═════ EXTRACTED MATERIAL ═════
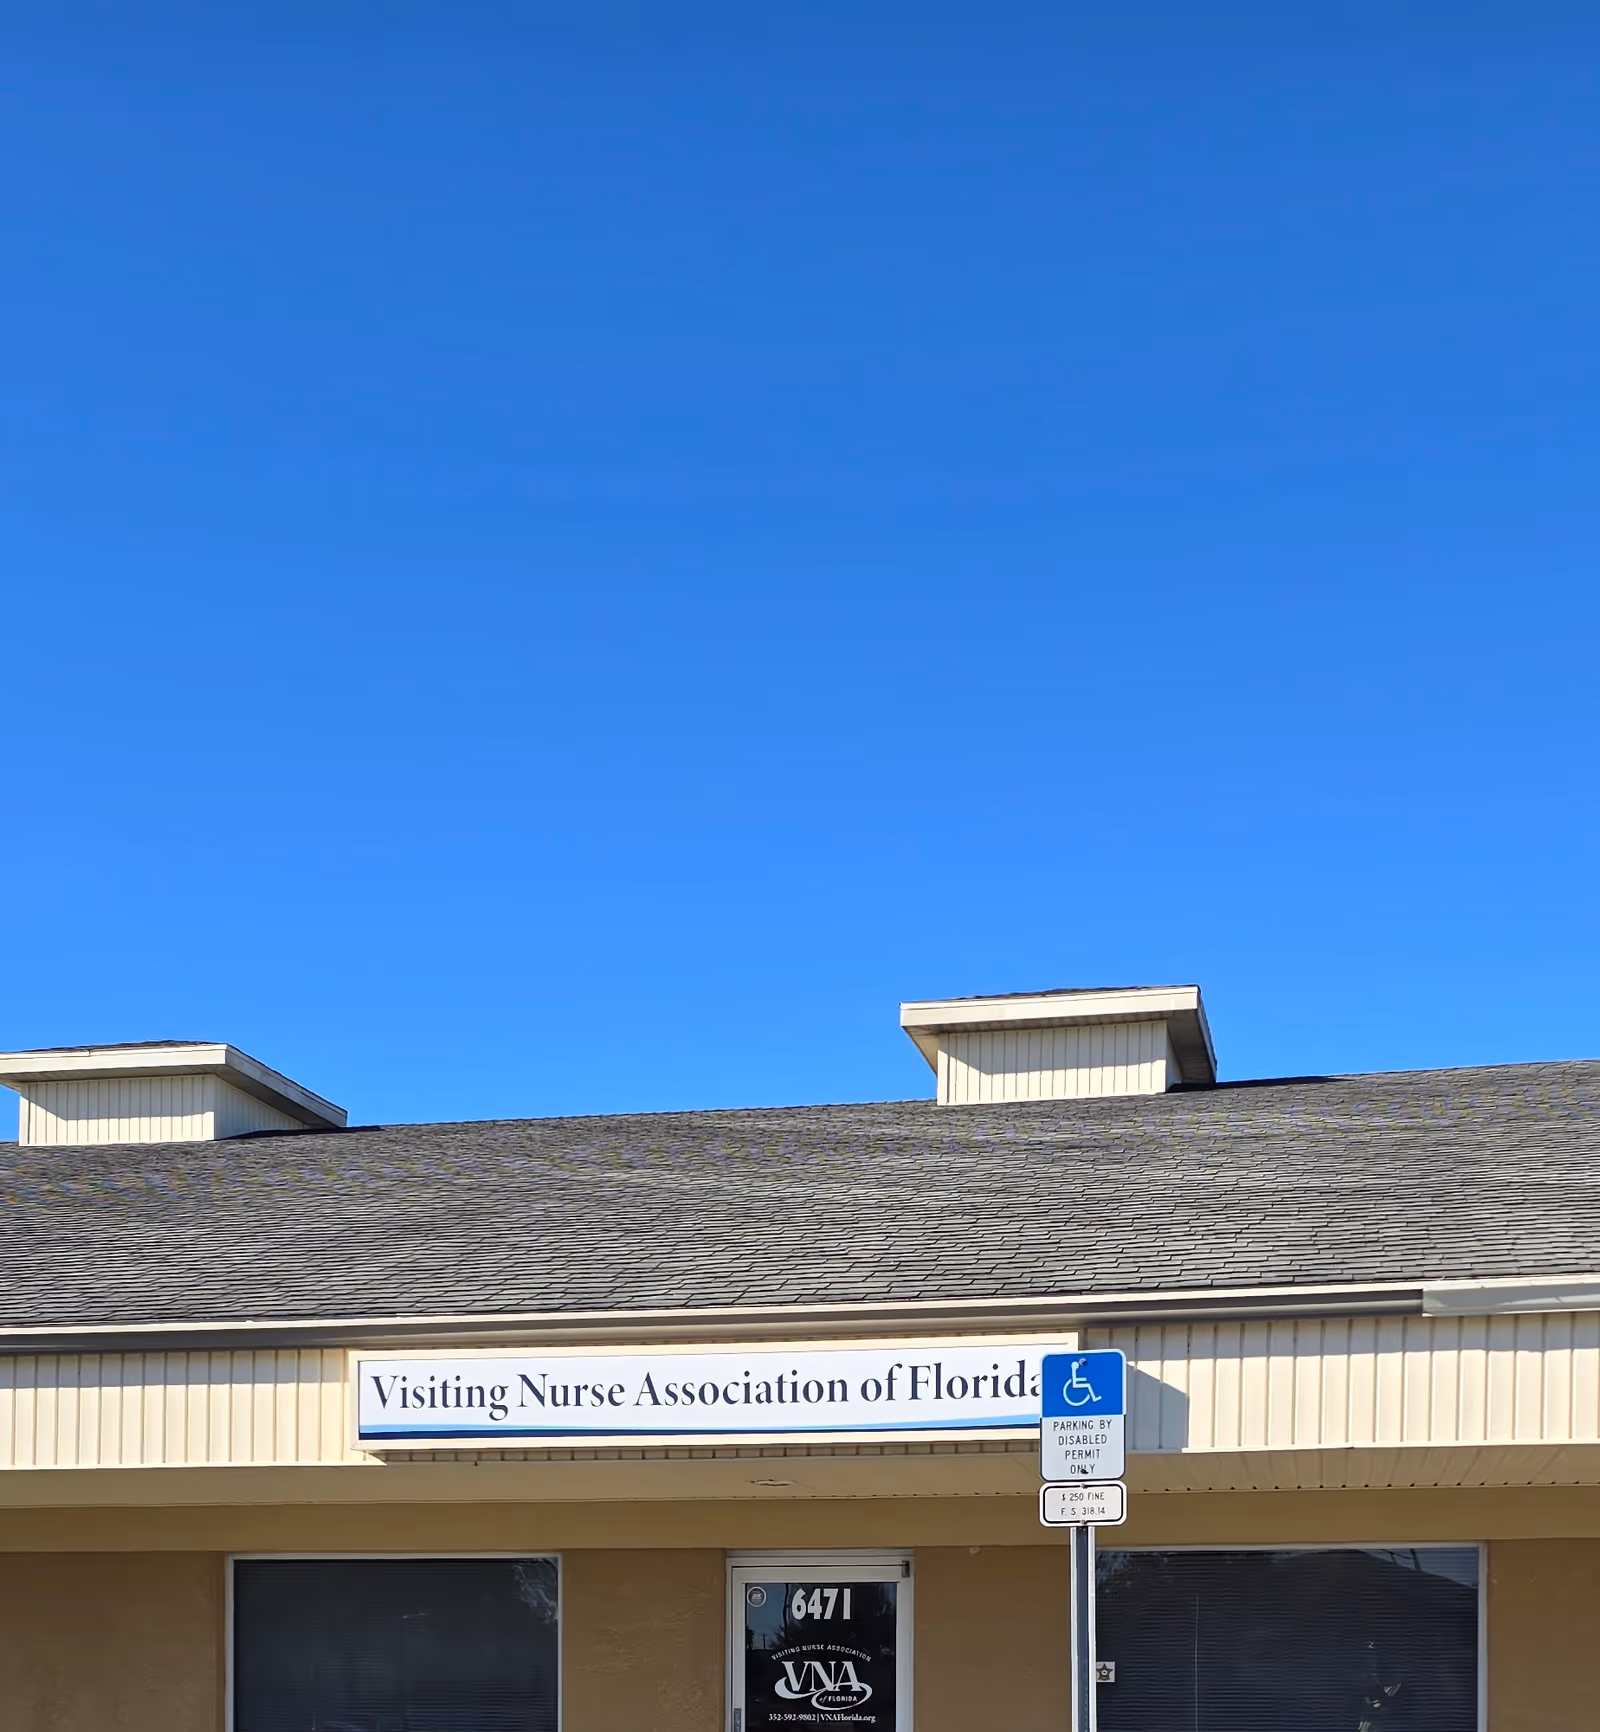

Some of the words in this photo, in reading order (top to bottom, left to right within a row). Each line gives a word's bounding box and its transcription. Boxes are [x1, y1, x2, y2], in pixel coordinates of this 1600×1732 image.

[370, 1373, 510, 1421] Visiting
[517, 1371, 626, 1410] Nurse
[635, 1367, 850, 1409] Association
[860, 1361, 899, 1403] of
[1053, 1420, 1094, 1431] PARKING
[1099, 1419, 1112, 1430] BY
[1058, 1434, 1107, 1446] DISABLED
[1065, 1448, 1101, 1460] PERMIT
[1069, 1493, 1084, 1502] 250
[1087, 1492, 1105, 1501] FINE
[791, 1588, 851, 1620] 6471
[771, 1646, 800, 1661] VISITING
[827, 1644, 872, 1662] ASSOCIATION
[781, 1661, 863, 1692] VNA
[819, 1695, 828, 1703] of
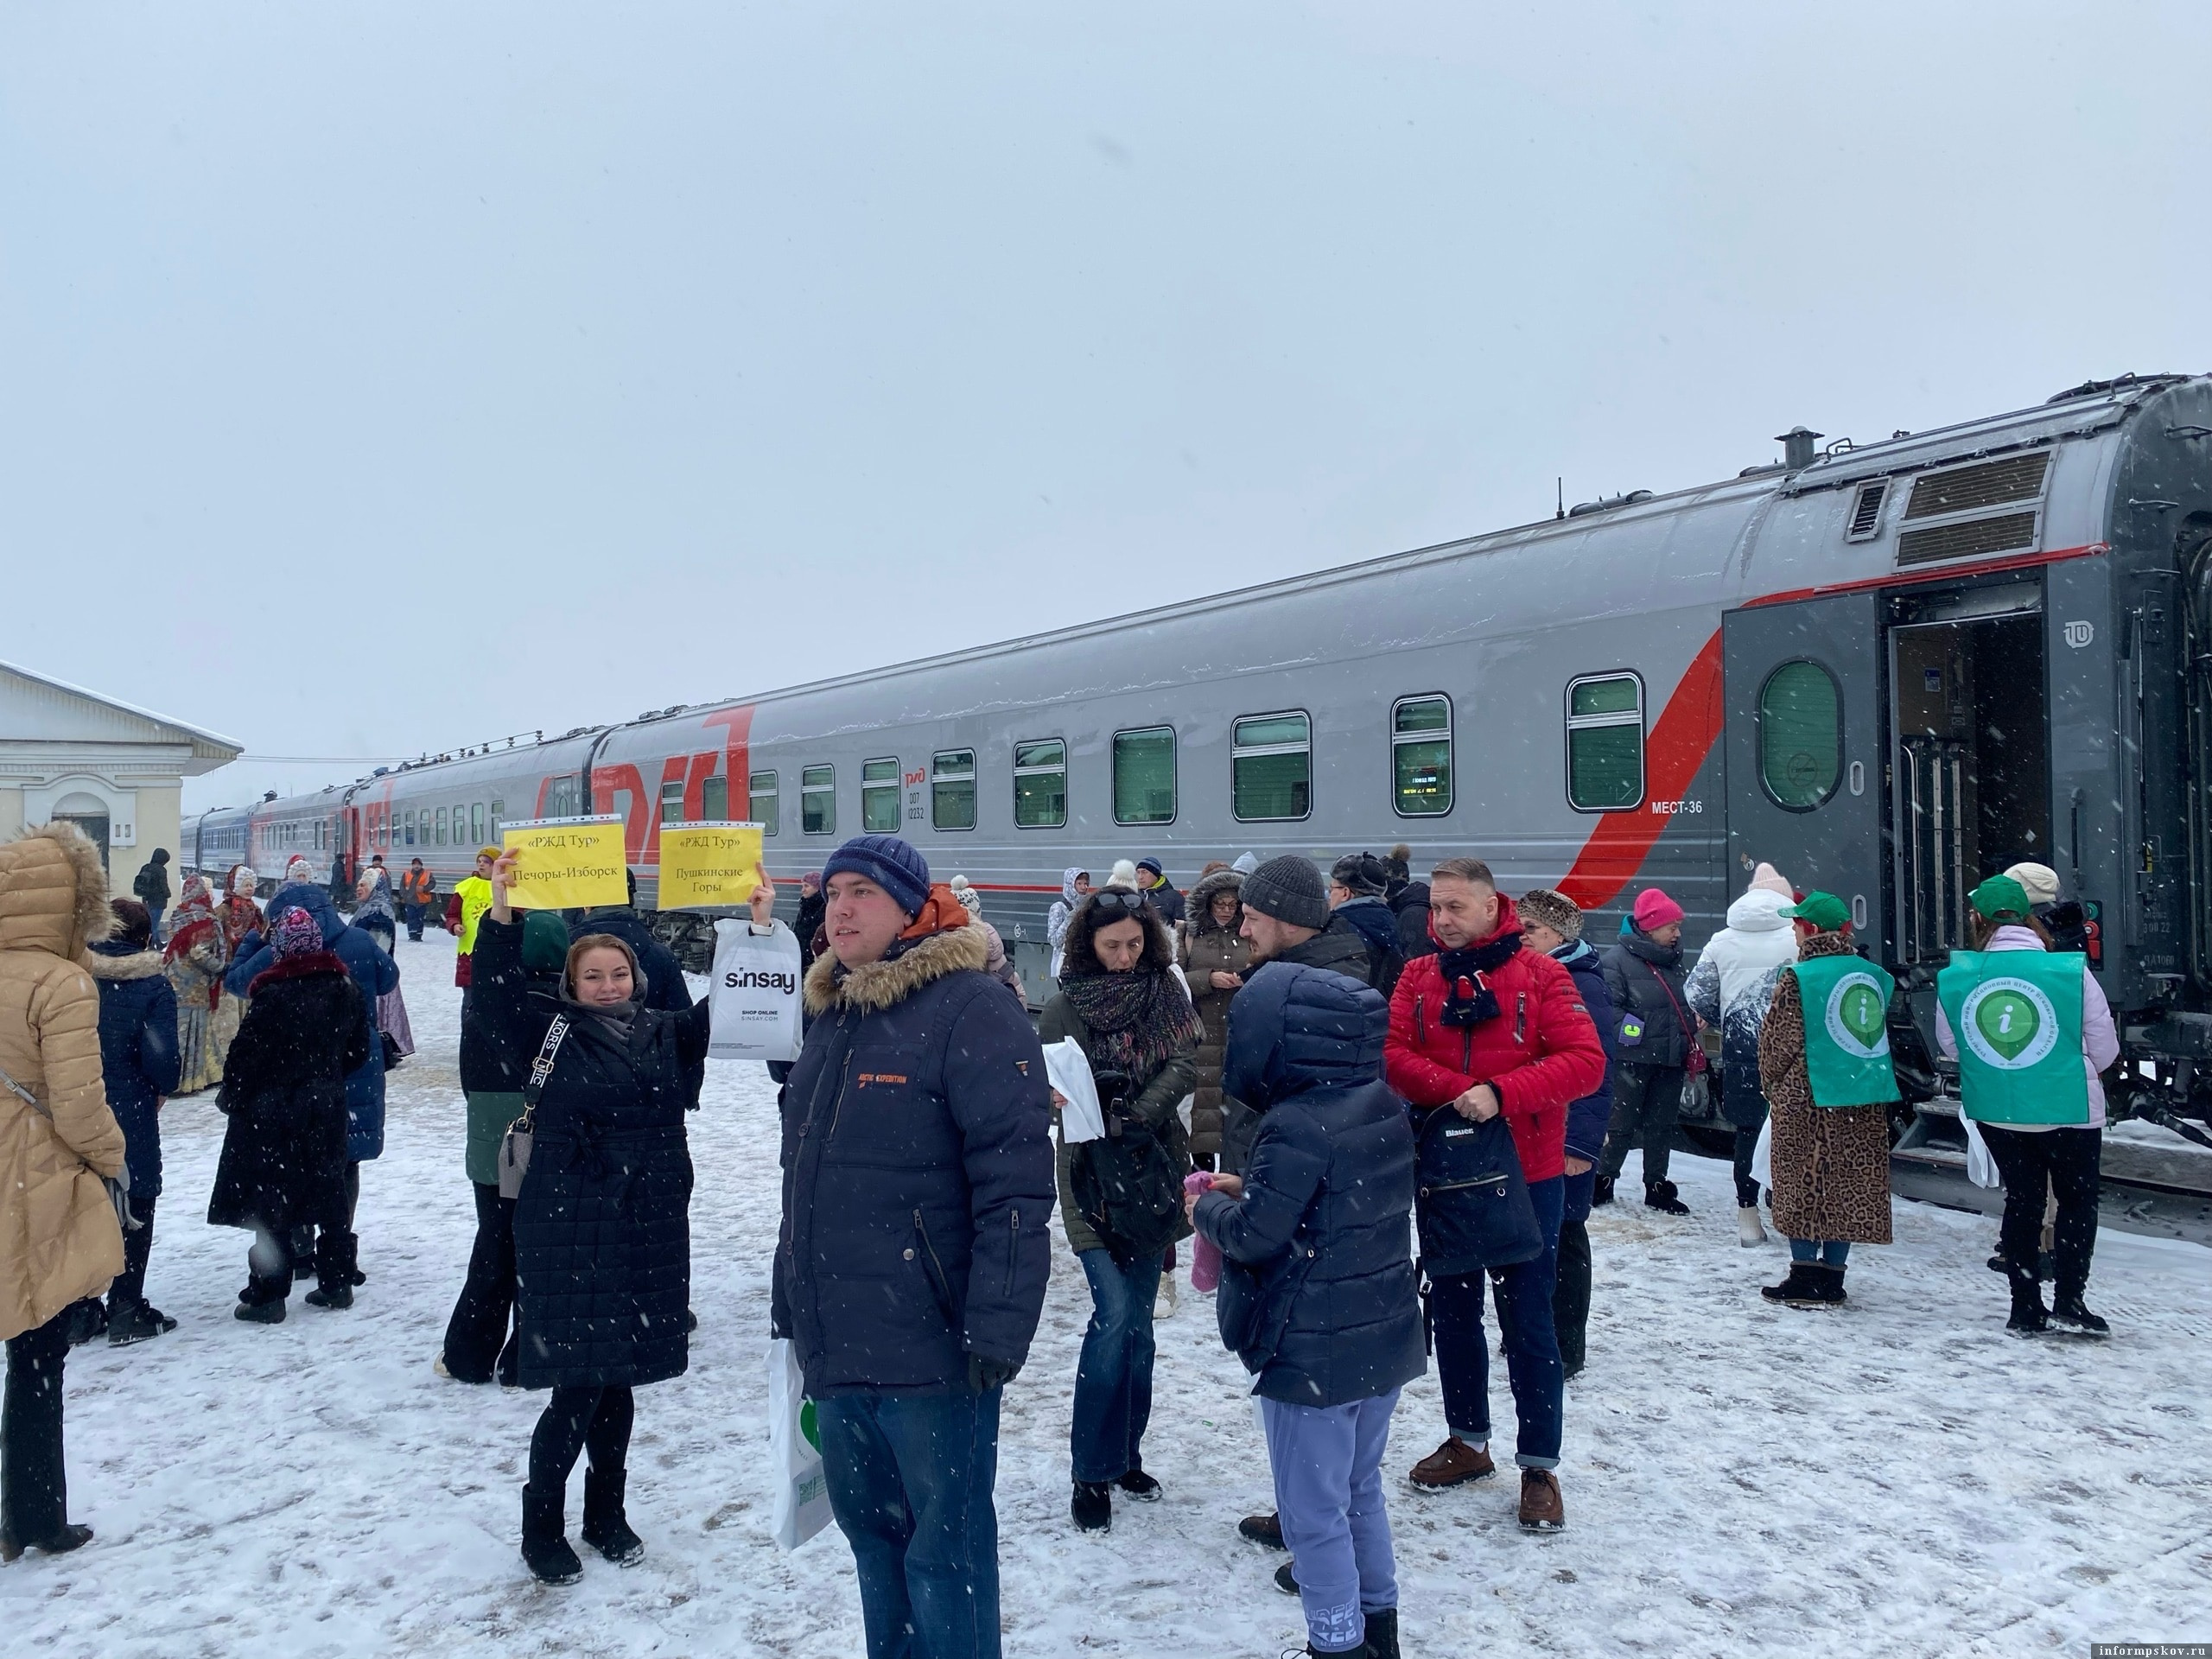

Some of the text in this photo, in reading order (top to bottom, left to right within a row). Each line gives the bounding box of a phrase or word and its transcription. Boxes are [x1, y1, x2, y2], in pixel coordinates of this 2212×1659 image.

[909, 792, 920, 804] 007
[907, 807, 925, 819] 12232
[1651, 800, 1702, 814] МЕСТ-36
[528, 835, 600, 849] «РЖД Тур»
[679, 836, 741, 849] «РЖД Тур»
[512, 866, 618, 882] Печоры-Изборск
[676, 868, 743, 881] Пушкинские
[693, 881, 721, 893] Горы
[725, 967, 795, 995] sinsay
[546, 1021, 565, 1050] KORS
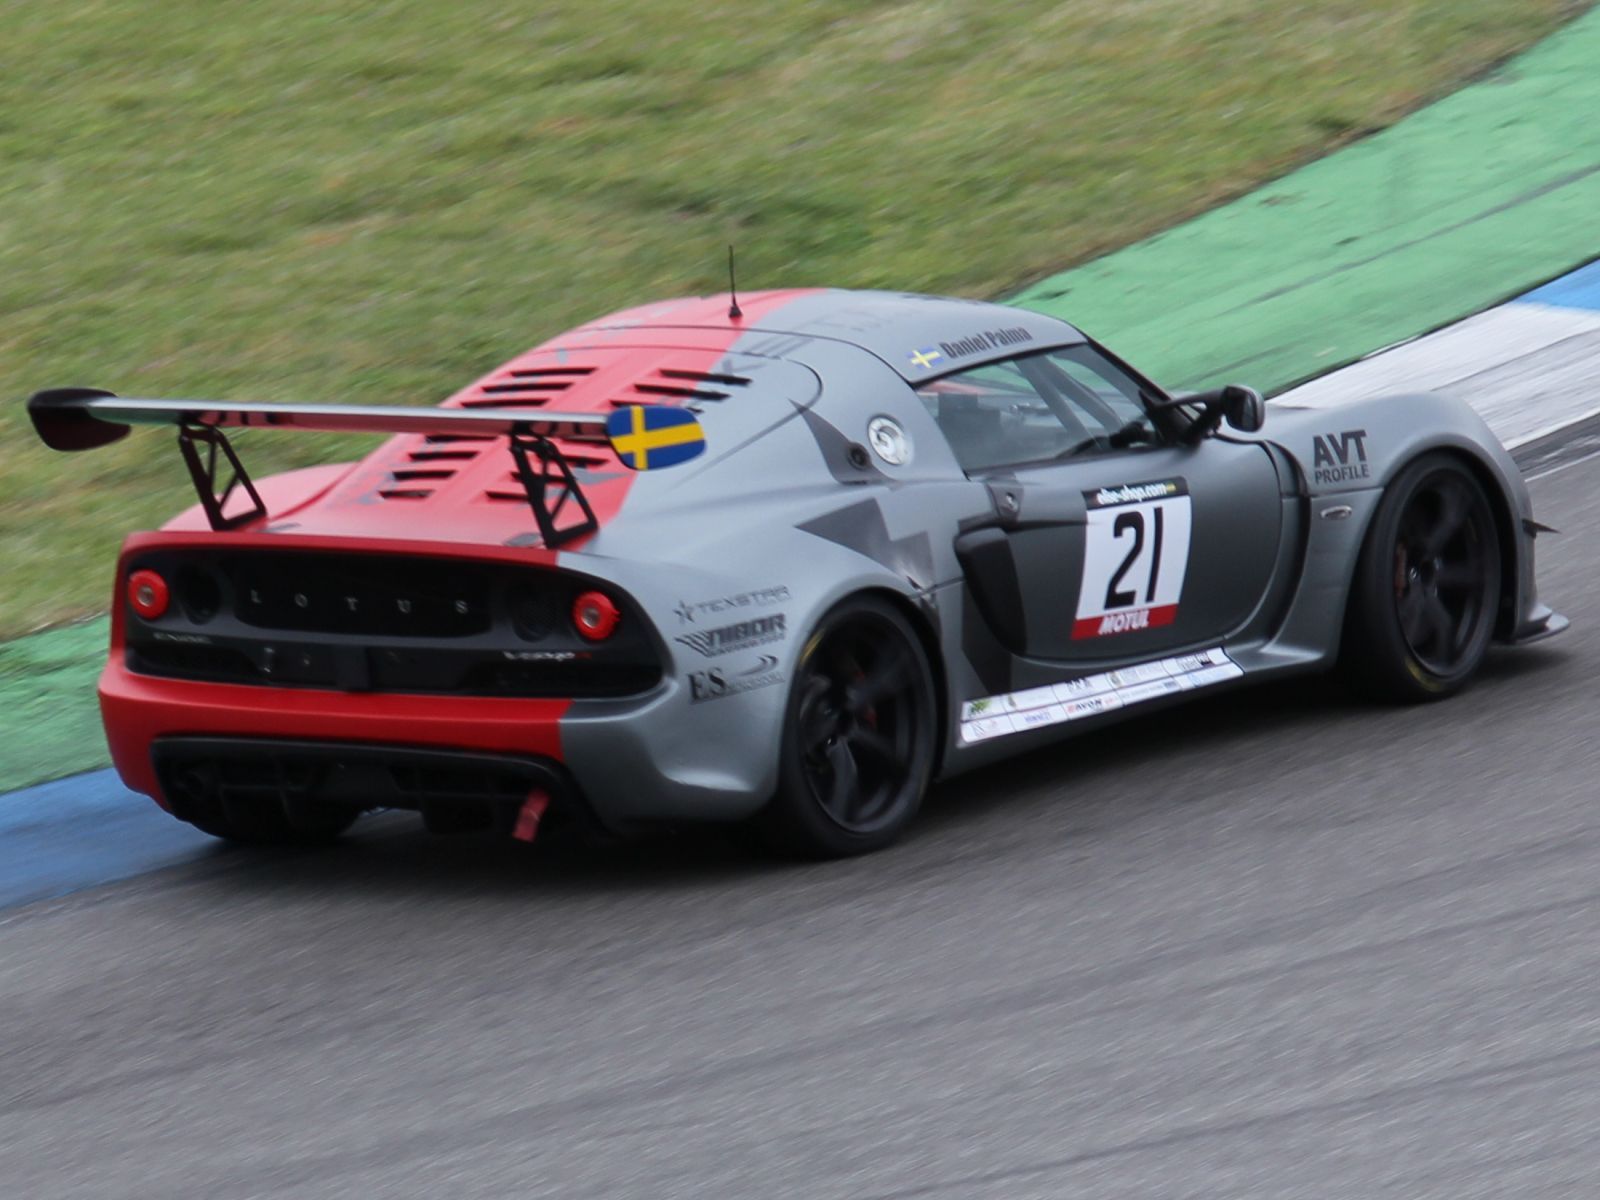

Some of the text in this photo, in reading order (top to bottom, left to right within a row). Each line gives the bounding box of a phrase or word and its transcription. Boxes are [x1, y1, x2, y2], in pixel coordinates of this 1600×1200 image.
═════
> [PROBLEM DETAILS]: Output the records above exactly as written, but leave out the pictures.

> [SOLUTION FOR THIS PROBLEM]:
Some of the words in this photo, in reading order (top to bottom, left to right within a row). Each line gives a word's bounding box and its transcription. Boxes are [x1, y1, x2, y2], in pixel coordinates of this 1600×1732 image.

[370, 1373, 510, 1421] Visiting
[517, 1371, 626, 1410] Nurse
[635, 1367, 850, 1409] Association
[860, 1361, 899, 1403] of
[1053, 1420, 1094, 1431] PARKING
[1099, 1419, 1112, 1430] BY
[1058, 1434, 1107, 1446] DISABLED
[1065, 1448, 1101, 1460] PERMIT
[1069, 1493, 1084, 1502] 250
[1087, 1492, 1105, 1501] FINE
[791, 1588, 851, 1620] 6471
[771, 1646, 800, 1661] VISITING
[827, 1644, 872, 1662] ASSOCIATION
[781, 1661, 863, 1692] VNA
[819, 1695, 828, 1703] of

Some of the text in this photo, in reading order (top to bottom, left to right within a row). Each line gives the bounding box of a phrase or word and its transcription. Boxes are [x1, y1, x2, y2], in pixel coordinates of this 2212×1659 image.

[909, 792, 920, 804] 007
[907, 807, 925, 819] 12232
[1651, 800, 1702, 814] МЕСТ-36
[528, 835, 600, 849] «РЖД Тур»
[679, 836, 741, 849] «РЖД Тур»
[512, 866, 618, 882] Печоры-Изборск
[676, 868, 743, 881] Пушкинские
[693, 881, 721, 893] Горы
[725, 967, 795, 995] sinsay
[546, 1021, 565, 1050] KORS

Some of the text in this photo, in reading order (top to bottom, left to right within a row). Each line gives the bounding box of a phrase or word and its transcription. Boxes are [x1, y1, x2, y2], in pixel coordinates of this 1600×1200 image.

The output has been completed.